:: Task ::
Below are the records; return every line from the one that contains "Some of the text" to the last, exactly, skipping the pictures.

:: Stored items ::
[Start of section]

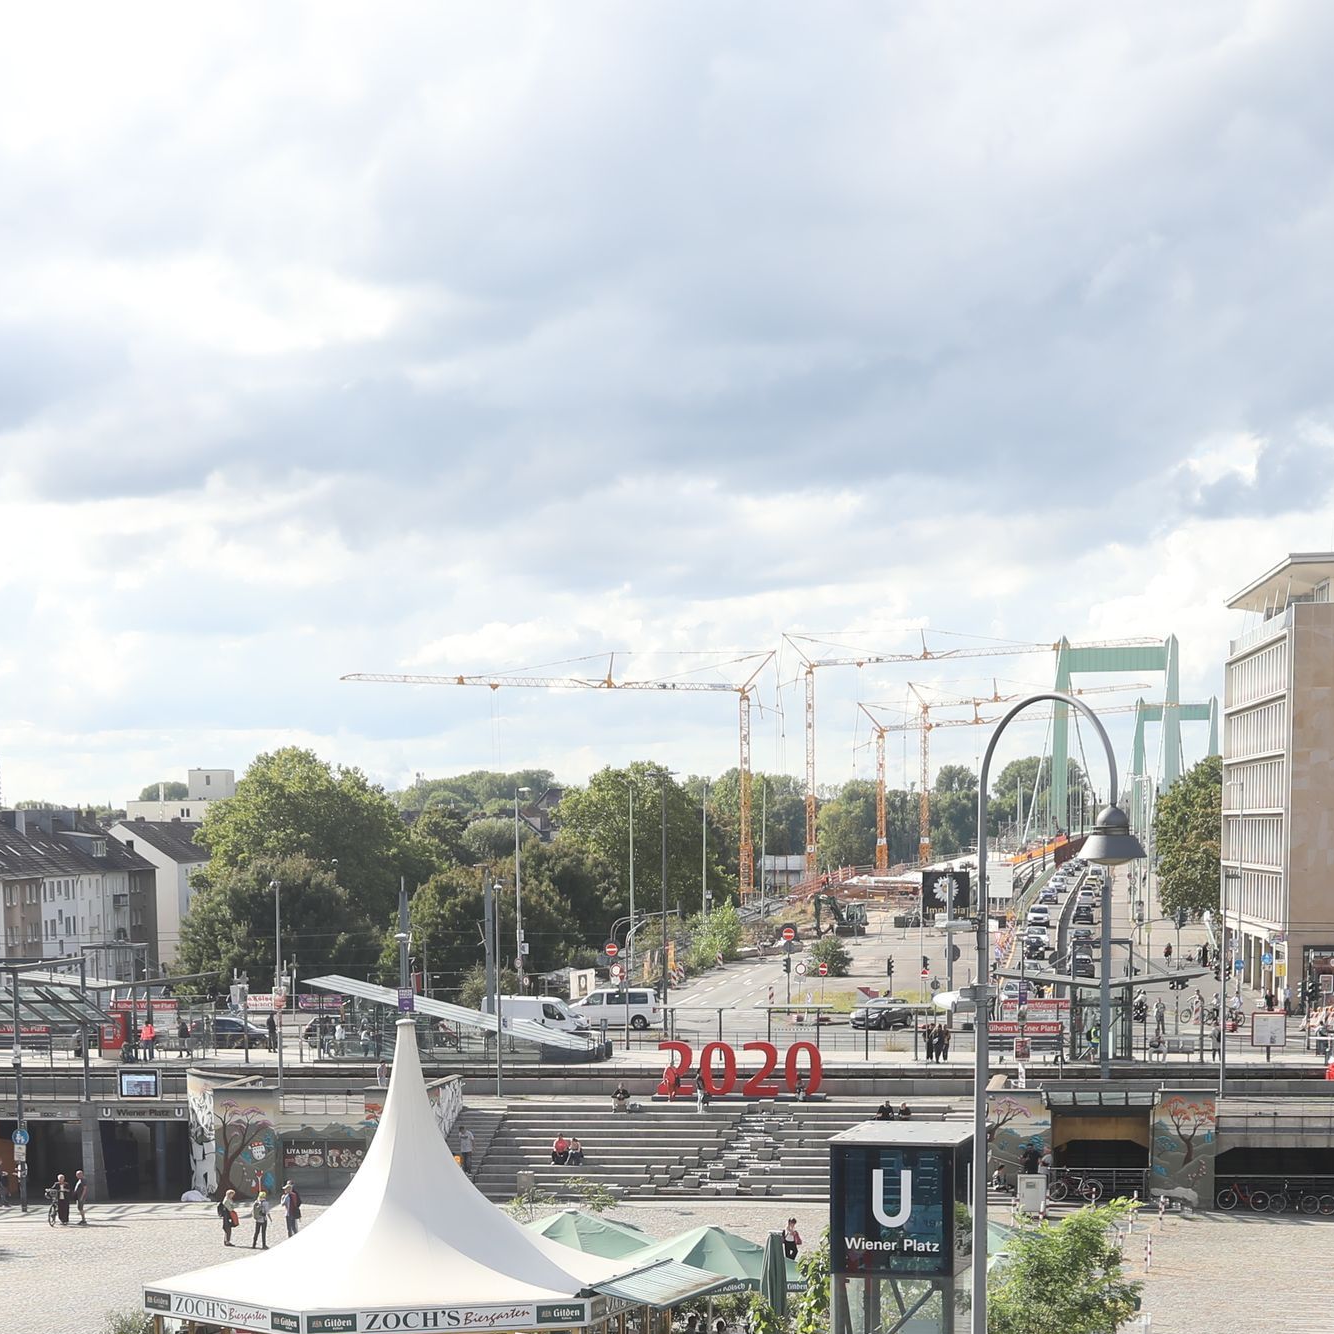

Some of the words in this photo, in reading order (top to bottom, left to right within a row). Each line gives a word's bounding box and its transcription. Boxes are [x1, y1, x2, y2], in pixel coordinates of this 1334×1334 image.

[657, 1041, 823, 1098] 2020
[102, 1107, 111, 1117] U
[117, 1108, 147, 1117] Wiener
[149, 1108, 169, 1117] Platz
[174, 1108, 183, 1117] U
[872, 1169, 912, 1228] U
[844, 1237, 897, 1251] Wiener
[903, 1239, 940, 1252] Platz
[175, 1296, 227, 1320] ZOCH'S
[228, 1307, 267, 1325] Biergarten
[365, 1310, 461, 1330] ZOCH'S
[464, 1307, 530, 1327] Biergarten
[553, 1308, 580, 1318] Gilden
[324, 1318, 352, 1328] Gilden
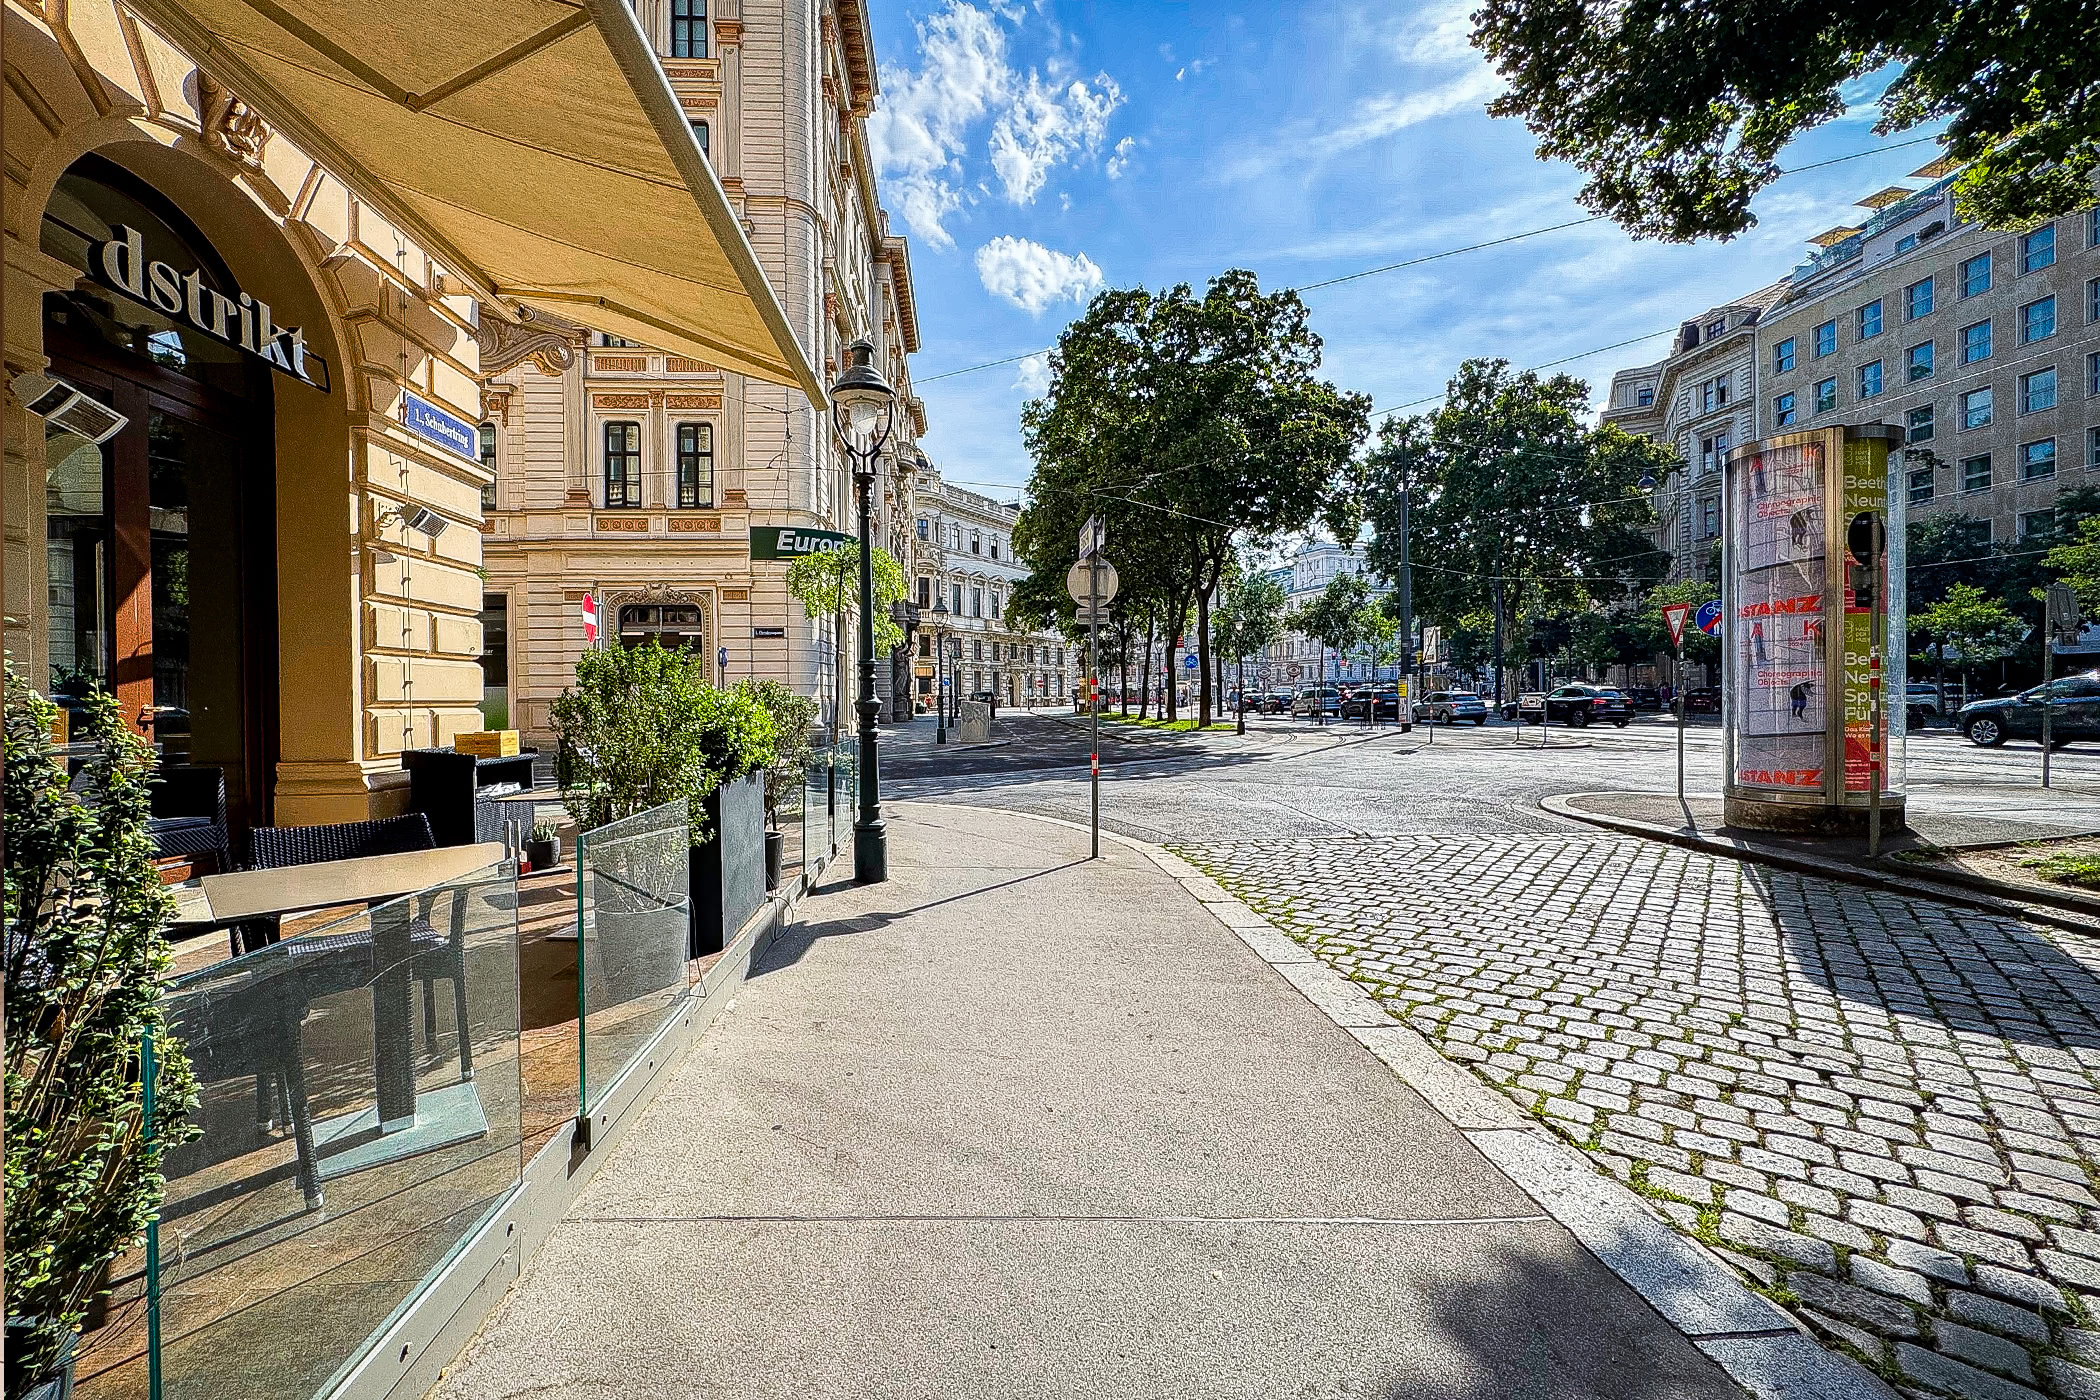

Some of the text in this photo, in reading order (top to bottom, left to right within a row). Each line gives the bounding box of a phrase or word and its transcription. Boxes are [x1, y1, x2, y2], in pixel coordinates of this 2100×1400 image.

[103, 224, 310, 380] dstrikt
[424, 412, 469, 449] Schubertring
[1757, 669, 1823, 679] Choreographic
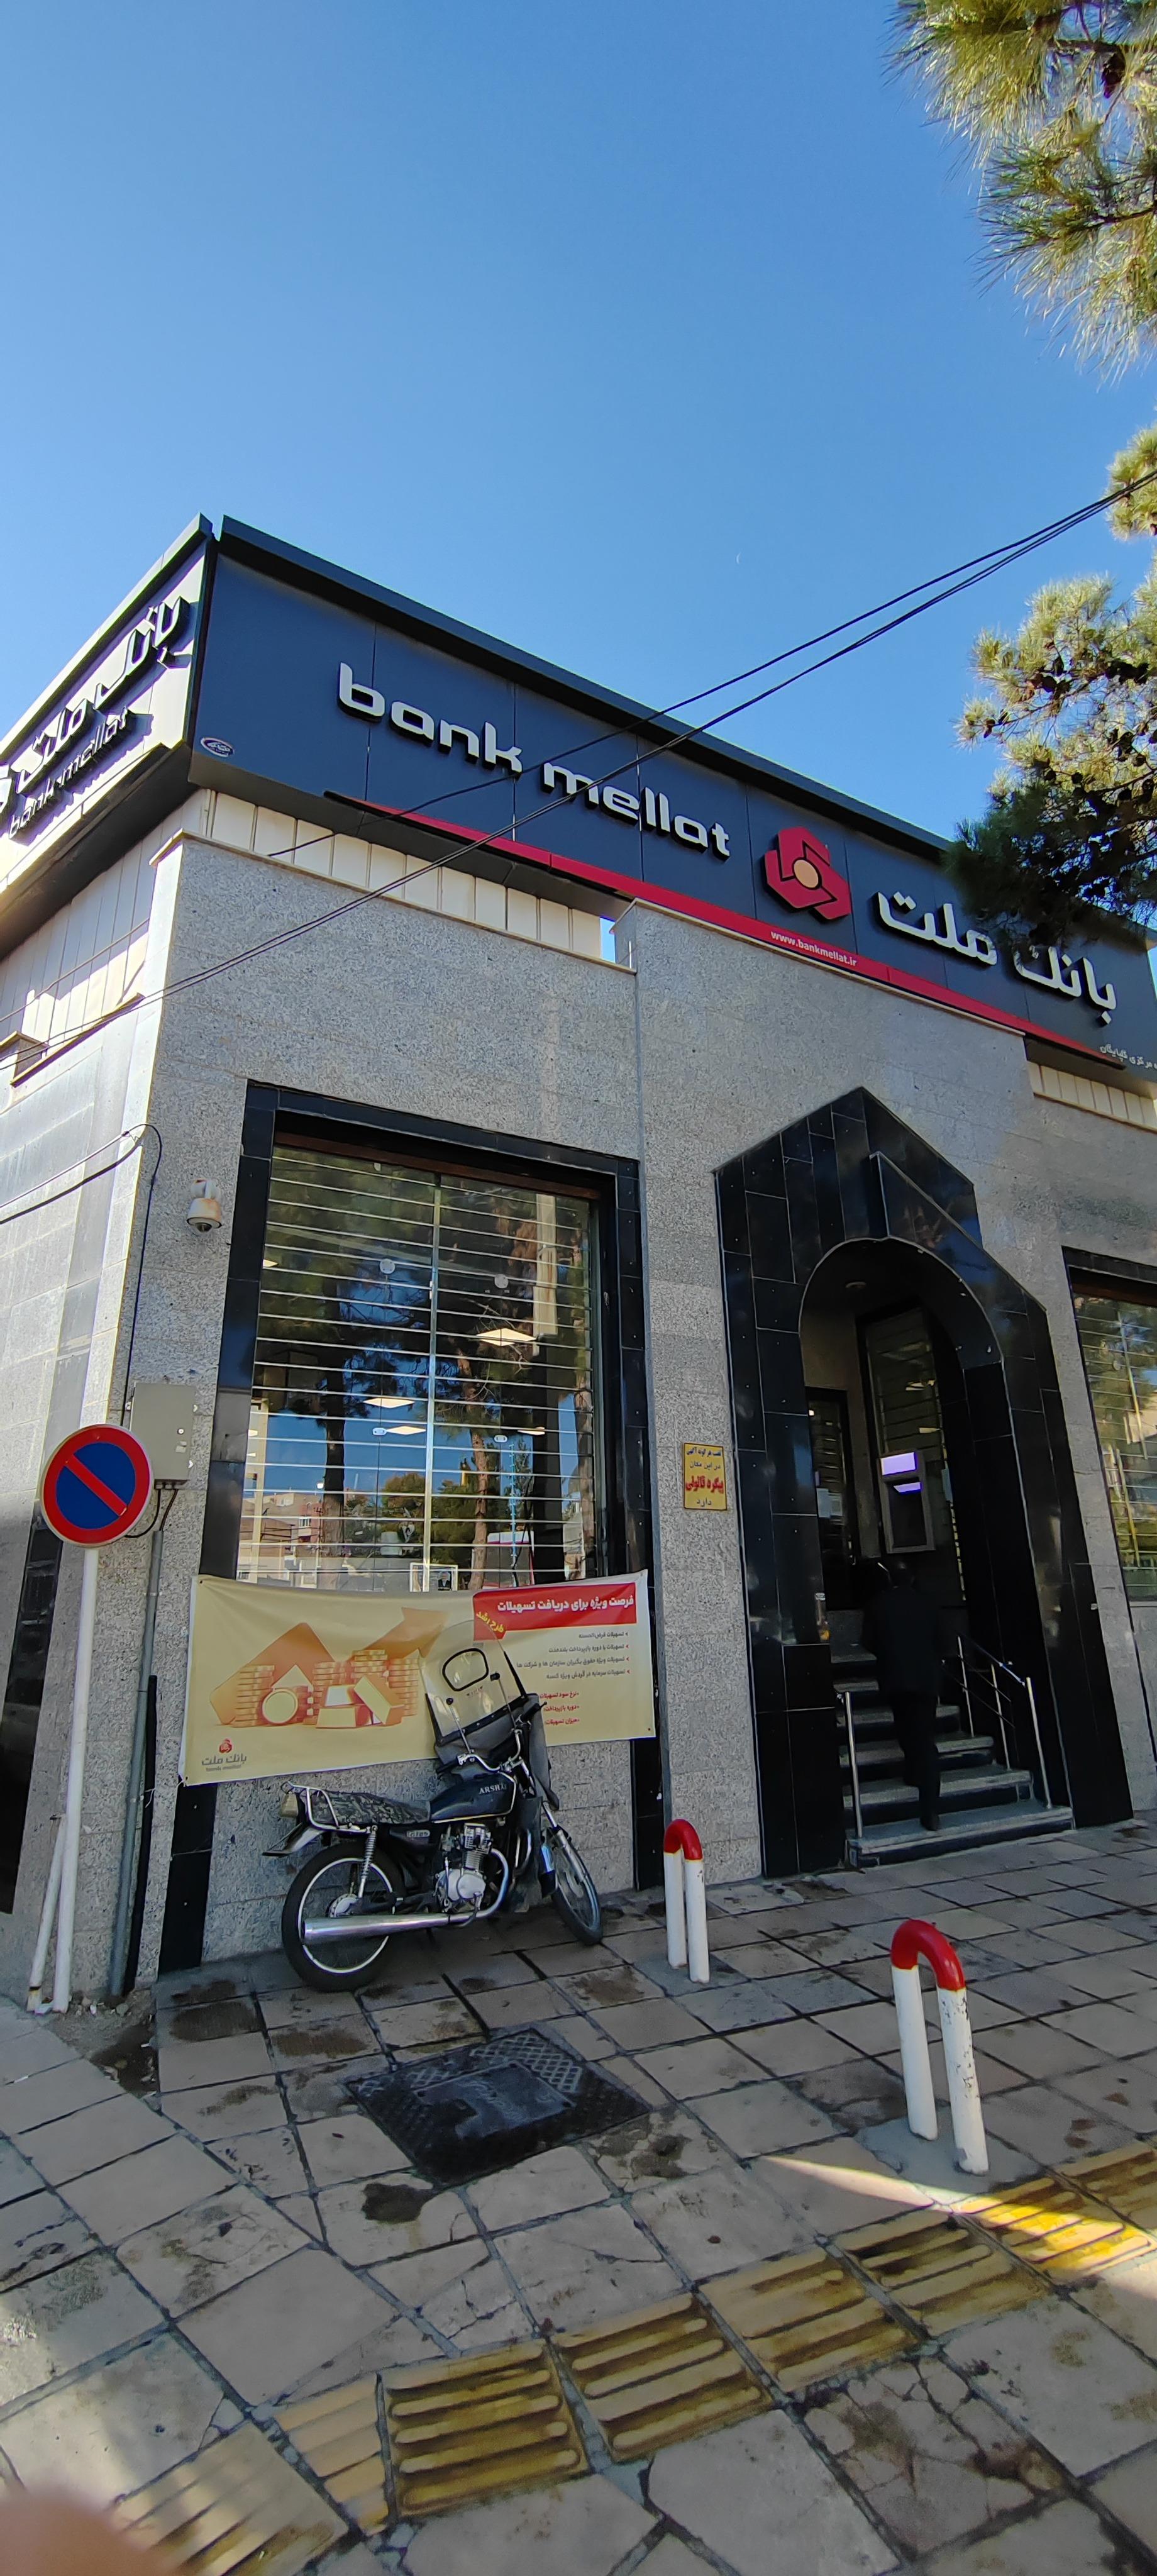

[End of section]

:: Task solution ::
Some of the text in this photo, in reading order (top to bottom, left to right within a row). Each line gives the bounding box of a phrase or word and its transcription. Boxes are [x1, y1, x2, y2], in pixel coordinates of this 2100×1400 image.

[103, 224, 310, 380] dstrikt
[424, 412, 469, 449] Schubertring
[1757, 669, 1823, 679] Choreographic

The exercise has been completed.